• RECORDS FOR PROCESSING
****************
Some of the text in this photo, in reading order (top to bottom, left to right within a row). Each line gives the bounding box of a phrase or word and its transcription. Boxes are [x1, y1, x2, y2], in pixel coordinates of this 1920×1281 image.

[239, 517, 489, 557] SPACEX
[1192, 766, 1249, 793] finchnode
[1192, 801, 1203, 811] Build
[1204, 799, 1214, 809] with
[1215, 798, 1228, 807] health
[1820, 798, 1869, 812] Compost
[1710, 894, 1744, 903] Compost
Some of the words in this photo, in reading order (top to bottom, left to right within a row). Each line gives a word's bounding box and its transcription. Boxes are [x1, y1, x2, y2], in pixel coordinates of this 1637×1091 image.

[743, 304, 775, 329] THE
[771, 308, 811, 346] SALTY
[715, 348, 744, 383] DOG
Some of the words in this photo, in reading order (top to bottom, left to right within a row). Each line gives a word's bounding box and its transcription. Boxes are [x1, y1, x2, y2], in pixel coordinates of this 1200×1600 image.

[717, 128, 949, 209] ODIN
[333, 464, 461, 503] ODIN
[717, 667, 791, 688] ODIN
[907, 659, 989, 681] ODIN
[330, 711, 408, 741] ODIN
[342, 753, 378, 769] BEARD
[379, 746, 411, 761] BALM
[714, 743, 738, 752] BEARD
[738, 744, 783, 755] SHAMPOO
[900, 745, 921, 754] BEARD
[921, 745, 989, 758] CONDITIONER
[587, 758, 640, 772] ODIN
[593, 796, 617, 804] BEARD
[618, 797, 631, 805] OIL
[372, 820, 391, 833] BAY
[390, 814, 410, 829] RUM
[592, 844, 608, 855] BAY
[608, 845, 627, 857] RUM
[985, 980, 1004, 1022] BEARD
****************
• EXERCISE REQUIREMENTS
Each record is to be retyped exactly as written.

• WRITTEN SOLUTION
Some of the text in this photo, in reading order (top to bottom, left to right within a row). Each line gives the bounding box of a phrase or word and its transcription. Boxes are [x1, y1, x2, y2], in pixel coordinates of this 1920×1281 image.

[239, 517, 489, 557] SPACEX
[1192, 766, 1249, 793] finchnode
[1192, 801, 1203, 811] Build
[1204, 799, 1214, 809] with
[1215, 798, 1228, 807] health
[1820, 798, 1869, 812] Compost
[1710, 894, 1744, 903] Compost
Some of the words in this photo, in reading order (top to bottom, left to right within a row). Each line gives a word's bounding box and its transcription. Boxes are [x1, y1, x2, y2], in pixel coordinates of this 1637×1091 image.

[743, 304, 775, 329] THE
[771, 308, 811, 346] SALTY
[715, 348, 744, 383] DOG
Some of the words in this photo, in reading order (top to bottom, left to right within a row). Each line gives a word's bounding box and its transcription. Boxes are [x1, y1, x2, y2], in pixel coordinates of this 1200×1600 image.

[717, 128, 949, 209] ODIN
[333, 464, 461, 503] ODIN
[717, 667, 791, 688] ODIN
[907, 659, 989, 681] ODIN
[330, 711, 408, 741] ODIN
[342, 753, 378, 769] BEARD
[379, 746, 411, 761] BALM
[714, 743, 738, 752] BEARD
[738, 744, 783, 755] SHAMPOO
[900, 745, 921, 754] BEARD
[921, 745, 989, 758] CONDITIONER
[587, 758, 640, 772] ODIN
[593, 796, 617, 804] BEARD
[618, 797, 631, 805] OIL
[372, 820, 391, 833] BAY
[390, 814, 410, 829] RUM
[592, 844, 608, 855] BAY
[608, 845, 627, 857] RUM
[985, 980, 1004, 1022] BEARD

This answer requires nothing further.